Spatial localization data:
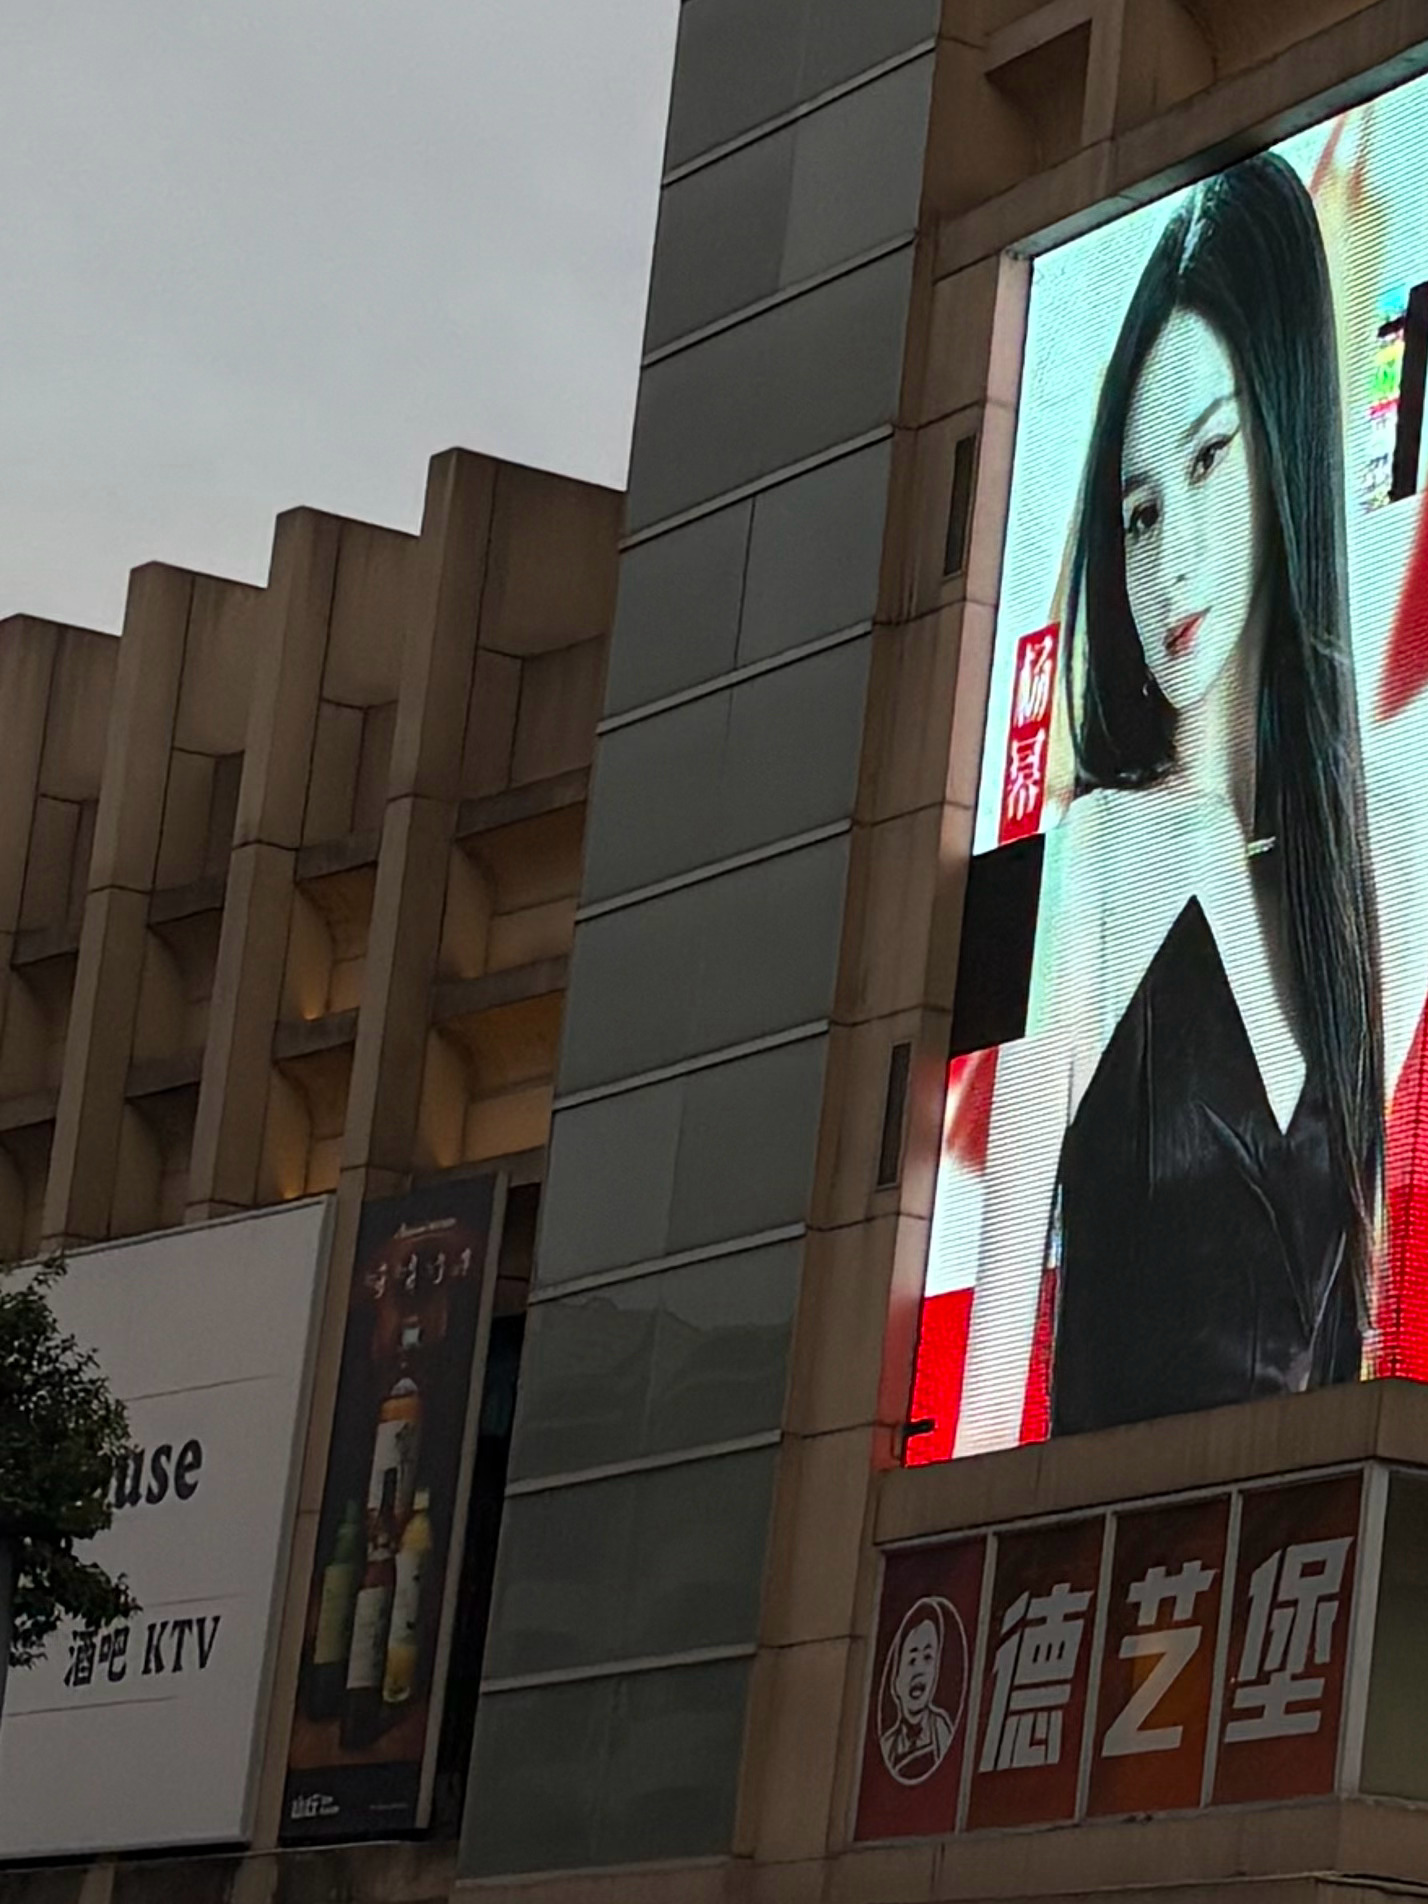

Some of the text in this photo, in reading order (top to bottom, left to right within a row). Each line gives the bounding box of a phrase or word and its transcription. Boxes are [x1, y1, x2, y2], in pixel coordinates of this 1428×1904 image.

[64, 1615, 222, 1688] 酒吧 KTV
[978, 1536, 1355, 1773] 德艺堡
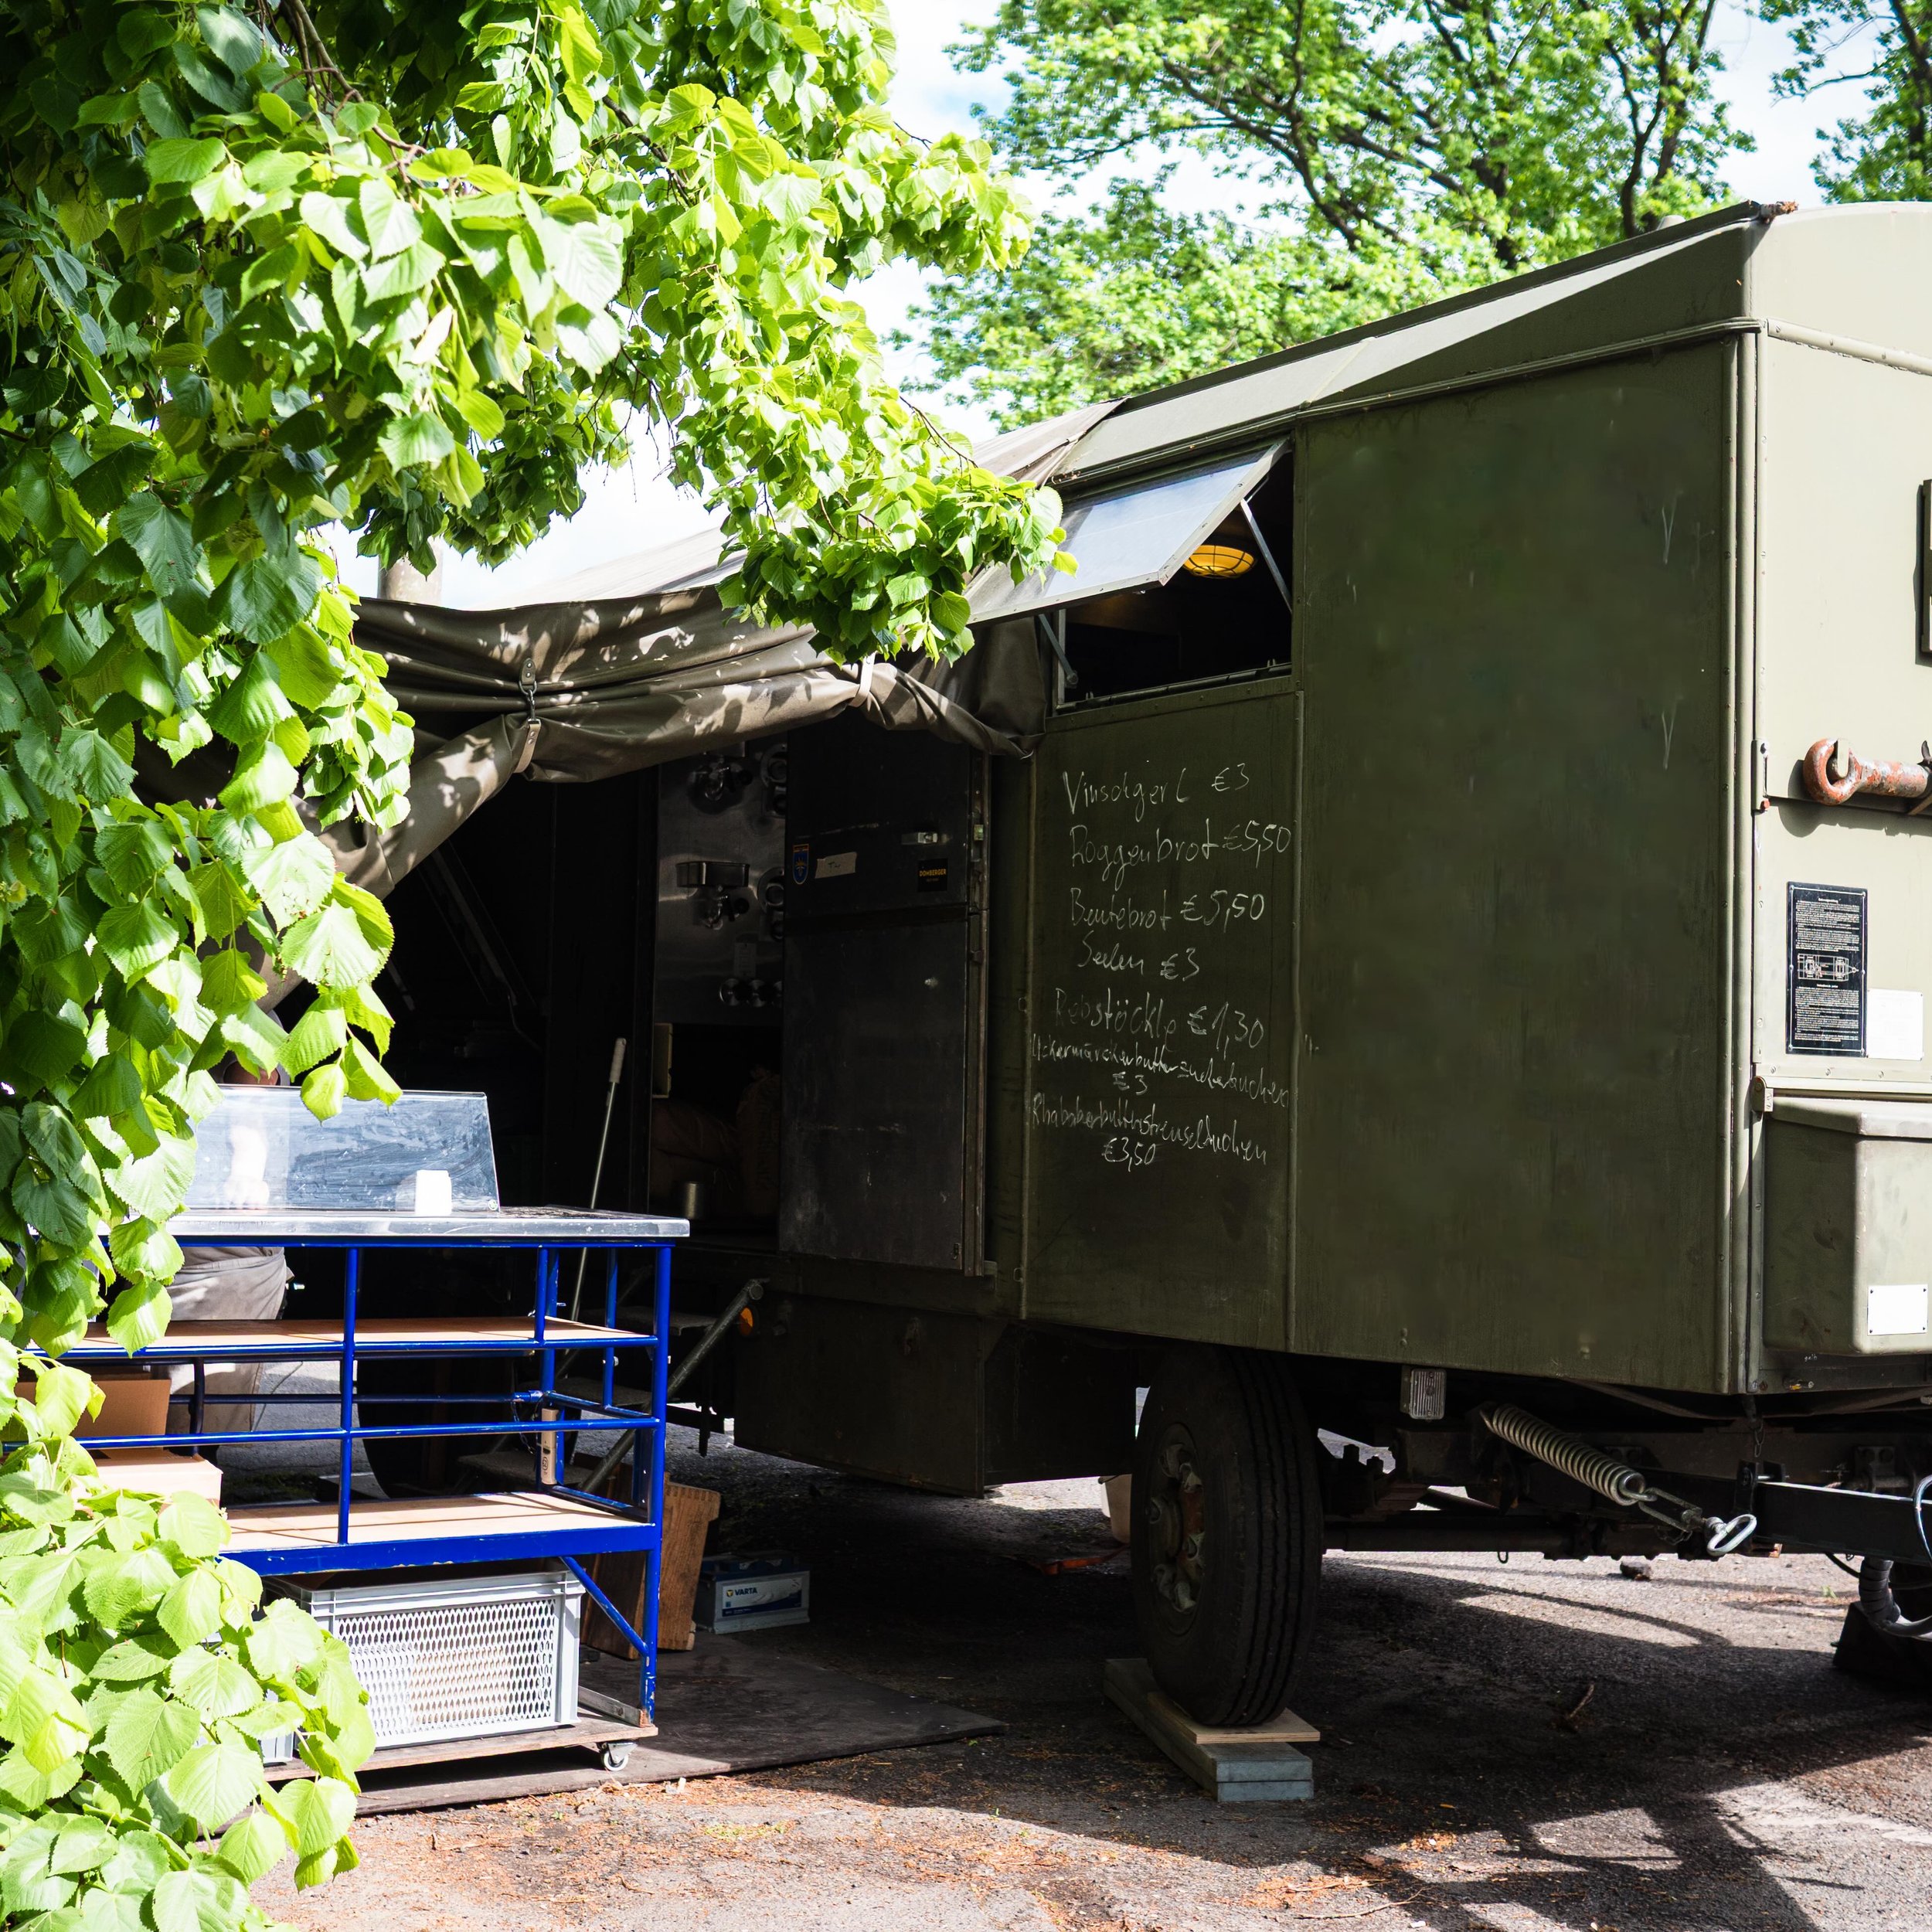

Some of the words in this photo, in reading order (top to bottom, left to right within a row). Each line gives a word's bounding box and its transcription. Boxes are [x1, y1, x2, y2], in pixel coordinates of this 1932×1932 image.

[1069, 818, 1219, 892] Roggenbrot
[1222, 820, 1292, 869] €5,50
[1180, 890, 1265, 933] €5,50
[1077, 930, 1144, 975] Seelen
[1187, 1002, 1264, 1062] €1,30
[1101, 1137, 1157, 1172] €3,50
[734, 1587, 757, 1596] VARTA

_Action item_:
Return the records above exactly as written, but without any of the pictures.

_Answer space_:
Some of the text in this photo, in reading order (top to bottom, left to right within a row). Each line gives the bounding box of a phrase or word and its transcription. Boxes are [x1, y1, x2, y2], in pixel coordinates of this 1428×1904 image.

[64, 1615, 222, 1688] 酒吧 KTV
[978, 1536, 1355, 1773] 德艺堡

Some of the words in this photo, in reading order (top to bottom, left to right within a row). Each line gives a word's bounding box and its transcription. Boxes are [x1, y1, x2, y2], in pixel coordinates of this 1932×1932 image.

[1069, 818, 1219, 892] Roggenbrot
[1222, 820, 1292, 869] €5,50
[1180, 890, 1265, 933] €5,50
[1077, 930, 1144, 975] Seelen
[1187, 1002, 1264, 1062] €1,30
[1101, 1137, 1157, 1172] €3,50
[734, 1587, 757, 1596] VARTA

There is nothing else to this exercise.